German officials disobeyed orders to abstain in a vote about renewing the licence of a controversial weedkiller linked to cancer, according to a Berlin minister. A World Health Organization study found it was "probably carcinogenic" but later studies have disagreed. "I declared clearly to colleague (Christian) Schmidt that I do not agree with an extension of the renewal of glyphosate", she said.
Divisions over its use meant that only an 18-month extension was agreed, which was due to expire in December.
Schmidt, whose Christian Social Union is the sister party to Chancellor Angela Merkel's Christian Democratic Union, told the Rheinische Post that Germany had voted for the agreement because of conditions that will "strengthen the role of biodiversity and animal protection".
Environmental campaigners have criticised the outcome.
German chemical firm Bayer had been hoping for a 15-year extension rather than five, with Monsanto insisting that it met the required standards.

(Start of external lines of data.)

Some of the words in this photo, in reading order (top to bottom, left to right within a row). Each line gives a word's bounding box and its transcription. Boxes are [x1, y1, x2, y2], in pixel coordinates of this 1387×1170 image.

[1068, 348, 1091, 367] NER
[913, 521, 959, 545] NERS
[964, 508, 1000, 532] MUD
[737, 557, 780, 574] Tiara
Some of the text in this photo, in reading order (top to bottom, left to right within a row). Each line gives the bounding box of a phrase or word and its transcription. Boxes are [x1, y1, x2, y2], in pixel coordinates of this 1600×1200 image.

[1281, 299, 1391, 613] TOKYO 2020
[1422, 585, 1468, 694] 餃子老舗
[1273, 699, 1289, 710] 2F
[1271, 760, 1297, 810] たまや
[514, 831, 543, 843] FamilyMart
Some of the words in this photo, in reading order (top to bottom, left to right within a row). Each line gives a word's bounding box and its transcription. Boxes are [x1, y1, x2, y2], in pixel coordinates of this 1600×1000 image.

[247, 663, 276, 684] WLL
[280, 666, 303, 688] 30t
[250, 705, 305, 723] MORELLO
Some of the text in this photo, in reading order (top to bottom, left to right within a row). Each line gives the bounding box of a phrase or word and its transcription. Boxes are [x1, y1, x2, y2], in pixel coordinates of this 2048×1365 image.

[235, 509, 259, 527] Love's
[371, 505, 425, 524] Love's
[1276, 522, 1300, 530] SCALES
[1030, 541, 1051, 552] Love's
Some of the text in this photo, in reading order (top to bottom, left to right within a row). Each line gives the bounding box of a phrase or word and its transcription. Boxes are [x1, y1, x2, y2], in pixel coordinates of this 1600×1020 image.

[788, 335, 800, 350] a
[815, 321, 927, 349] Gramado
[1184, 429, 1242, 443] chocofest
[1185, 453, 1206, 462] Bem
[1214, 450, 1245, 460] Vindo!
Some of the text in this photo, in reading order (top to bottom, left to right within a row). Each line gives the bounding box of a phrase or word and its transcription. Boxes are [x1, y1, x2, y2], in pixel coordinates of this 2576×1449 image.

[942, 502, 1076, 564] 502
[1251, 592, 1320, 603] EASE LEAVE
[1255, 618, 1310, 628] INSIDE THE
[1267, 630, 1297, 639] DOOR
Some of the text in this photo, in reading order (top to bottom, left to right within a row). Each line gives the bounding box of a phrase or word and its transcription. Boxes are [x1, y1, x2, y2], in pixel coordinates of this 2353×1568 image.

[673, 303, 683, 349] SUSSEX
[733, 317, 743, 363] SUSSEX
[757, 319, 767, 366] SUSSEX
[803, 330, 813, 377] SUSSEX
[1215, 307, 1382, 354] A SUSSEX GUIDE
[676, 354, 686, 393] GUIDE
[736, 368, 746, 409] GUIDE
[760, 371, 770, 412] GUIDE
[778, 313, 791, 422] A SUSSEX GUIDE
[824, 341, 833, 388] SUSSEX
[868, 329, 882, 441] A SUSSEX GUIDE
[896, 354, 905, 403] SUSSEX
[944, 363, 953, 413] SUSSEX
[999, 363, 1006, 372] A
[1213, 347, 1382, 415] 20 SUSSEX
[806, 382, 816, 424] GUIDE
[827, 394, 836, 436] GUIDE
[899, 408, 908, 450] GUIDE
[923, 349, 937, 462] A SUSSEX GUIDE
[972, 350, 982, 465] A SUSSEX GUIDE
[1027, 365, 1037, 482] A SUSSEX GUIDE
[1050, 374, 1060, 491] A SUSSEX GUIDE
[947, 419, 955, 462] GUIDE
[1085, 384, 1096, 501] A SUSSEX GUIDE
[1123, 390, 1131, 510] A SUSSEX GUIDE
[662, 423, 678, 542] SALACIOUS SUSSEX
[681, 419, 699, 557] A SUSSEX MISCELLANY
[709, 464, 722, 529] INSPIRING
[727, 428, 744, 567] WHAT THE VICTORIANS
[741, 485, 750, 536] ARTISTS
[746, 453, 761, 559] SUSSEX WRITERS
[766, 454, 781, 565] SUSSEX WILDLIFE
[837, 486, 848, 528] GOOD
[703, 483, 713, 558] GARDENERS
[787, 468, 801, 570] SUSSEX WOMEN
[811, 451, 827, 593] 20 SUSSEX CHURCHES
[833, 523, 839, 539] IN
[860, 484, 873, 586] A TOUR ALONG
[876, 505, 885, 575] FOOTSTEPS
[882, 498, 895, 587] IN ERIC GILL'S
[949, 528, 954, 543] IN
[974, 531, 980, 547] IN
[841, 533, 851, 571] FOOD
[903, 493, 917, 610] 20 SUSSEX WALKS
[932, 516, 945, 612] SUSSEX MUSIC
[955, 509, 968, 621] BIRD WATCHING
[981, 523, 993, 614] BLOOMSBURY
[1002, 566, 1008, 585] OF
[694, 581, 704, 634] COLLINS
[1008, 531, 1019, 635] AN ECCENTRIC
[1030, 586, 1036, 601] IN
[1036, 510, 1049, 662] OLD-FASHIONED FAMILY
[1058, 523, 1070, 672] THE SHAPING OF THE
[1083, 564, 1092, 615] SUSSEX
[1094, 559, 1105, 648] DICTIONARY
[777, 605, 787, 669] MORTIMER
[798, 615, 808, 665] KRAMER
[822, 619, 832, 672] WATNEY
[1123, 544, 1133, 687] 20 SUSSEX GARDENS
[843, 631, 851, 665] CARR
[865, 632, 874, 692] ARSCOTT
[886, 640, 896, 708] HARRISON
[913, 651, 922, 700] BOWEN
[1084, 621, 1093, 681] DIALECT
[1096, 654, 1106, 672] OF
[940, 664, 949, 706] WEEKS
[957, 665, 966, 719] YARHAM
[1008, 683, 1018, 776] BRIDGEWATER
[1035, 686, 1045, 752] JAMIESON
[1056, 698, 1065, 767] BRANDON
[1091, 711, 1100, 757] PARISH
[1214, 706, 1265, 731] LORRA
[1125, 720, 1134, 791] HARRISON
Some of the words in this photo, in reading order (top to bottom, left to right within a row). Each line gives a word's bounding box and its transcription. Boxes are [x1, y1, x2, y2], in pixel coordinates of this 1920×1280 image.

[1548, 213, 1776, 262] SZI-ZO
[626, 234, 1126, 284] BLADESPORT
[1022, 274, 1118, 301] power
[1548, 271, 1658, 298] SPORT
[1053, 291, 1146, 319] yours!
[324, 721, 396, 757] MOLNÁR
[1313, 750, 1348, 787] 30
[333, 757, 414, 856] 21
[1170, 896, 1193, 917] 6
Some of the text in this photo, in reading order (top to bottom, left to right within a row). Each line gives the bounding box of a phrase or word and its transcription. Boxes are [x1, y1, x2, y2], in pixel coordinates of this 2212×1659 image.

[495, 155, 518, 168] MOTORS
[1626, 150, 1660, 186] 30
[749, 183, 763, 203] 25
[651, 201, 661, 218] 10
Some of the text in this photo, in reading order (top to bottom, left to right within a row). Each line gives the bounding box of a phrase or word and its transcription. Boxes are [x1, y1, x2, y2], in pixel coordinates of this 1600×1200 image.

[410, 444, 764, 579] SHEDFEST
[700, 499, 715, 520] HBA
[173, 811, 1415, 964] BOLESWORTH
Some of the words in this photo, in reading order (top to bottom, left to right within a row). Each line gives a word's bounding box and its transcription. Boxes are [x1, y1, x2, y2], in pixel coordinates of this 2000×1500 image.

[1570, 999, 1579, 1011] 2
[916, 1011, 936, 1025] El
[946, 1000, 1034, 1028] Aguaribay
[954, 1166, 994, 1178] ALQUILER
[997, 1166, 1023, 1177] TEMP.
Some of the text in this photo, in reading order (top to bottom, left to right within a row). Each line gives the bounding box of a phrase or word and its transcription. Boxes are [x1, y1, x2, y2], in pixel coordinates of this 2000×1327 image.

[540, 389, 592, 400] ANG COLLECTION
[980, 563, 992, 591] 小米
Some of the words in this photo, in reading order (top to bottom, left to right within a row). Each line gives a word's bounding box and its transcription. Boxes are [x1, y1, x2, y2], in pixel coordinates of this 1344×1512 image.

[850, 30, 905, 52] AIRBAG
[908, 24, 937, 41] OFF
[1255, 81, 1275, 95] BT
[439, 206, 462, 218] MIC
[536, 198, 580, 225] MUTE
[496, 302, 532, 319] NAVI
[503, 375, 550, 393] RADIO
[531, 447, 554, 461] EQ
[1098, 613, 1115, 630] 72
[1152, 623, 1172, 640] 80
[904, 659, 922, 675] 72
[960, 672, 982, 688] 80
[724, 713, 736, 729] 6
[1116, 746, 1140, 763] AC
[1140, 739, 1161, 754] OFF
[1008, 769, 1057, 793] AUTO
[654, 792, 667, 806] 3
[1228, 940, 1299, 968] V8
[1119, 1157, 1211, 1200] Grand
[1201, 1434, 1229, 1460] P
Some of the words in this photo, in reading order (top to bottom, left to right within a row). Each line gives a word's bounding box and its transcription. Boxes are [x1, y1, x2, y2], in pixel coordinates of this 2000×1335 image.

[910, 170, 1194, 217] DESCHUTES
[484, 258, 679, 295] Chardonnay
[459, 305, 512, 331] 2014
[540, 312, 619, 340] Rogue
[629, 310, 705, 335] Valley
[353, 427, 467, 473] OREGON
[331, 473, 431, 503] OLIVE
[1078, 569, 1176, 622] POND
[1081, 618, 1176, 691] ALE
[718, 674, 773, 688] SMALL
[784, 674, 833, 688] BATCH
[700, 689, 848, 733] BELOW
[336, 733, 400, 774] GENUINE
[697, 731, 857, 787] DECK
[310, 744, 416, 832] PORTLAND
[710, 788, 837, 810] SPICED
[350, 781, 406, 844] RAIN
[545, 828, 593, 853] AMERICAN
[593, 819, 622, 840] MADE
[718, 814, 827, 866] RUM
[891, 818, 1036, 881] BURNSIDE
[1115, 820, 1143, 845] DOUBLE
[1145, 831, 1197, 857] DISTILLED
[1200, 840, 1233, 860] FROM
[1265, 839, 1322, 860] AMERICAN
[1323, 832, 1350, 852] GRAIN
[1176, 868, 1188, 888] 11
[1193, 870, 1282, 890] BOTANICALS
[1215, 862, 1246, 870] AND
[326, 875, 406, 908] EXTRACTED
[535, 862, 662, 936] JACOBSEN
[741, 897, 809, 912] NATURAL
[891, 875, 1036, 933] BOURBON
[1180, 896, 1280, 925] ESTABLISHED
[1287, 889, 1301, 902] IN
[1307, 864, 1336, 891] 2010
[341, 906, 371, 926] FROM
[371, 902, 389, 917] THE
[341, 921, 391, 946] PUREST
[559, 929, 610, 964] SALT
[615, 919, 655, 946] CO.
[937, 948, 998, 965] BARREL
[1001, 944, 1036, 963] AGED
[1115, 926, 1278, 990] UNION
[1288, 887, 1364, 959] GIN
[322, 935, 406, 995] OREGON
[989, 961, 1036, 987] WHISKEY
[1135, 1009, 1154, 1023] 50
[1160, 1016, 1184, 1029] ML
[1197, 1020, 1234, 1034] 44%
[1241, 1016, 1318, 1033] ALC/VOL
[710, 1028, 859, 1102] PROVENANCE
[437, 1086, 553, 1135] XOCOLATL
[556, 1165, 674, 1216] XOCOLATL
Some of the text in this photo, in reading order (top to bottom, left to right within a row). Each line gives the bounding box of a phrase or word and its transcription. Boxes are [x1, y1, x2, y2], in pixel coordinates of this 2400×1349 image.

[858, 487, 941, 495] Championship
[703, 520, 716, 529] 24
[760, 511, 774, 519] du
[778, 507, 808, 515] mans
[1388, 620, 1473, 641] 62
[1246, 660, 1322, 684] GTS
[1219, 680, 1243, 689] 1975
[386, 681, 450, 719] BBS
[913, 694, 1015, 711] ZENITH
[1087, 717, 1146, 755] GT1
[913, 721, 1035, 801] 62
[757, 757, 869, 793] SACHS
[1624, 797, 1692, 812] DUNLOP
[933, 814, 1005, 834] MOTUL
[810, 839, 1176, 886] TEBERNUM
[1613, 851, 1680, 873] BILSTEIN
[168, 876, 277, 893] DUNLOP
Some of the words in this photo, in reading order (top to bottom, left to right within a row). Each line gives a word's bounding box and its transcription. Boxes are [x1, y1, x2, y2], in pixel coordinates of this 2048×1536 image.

The decision marks a disappointment for the French government, which pushed unsuccessfully for only a three-year licence following widespread concern in the country over the chemical's health impact.
Banning glyphosate outright would have shaken Europe's agriculture sector, since it is so widely used. The European Commission and most governments have chosen to ignore the warnings of independent scientists, the demands of the European Parliament and the petition signed by more than one million people calling for a glyphosate ban.
Activists point to a 2015 study by the World Health Organisation's (WHO) International Agency for Research on Cancer that concluded it was "probably carcinogenic".
The decision makes renewal more hard for the product, which the World Health Organization (WHO) has said causes cancer.
The European Commission will now issue a formal renewal of the licence for glyphosate in the EU.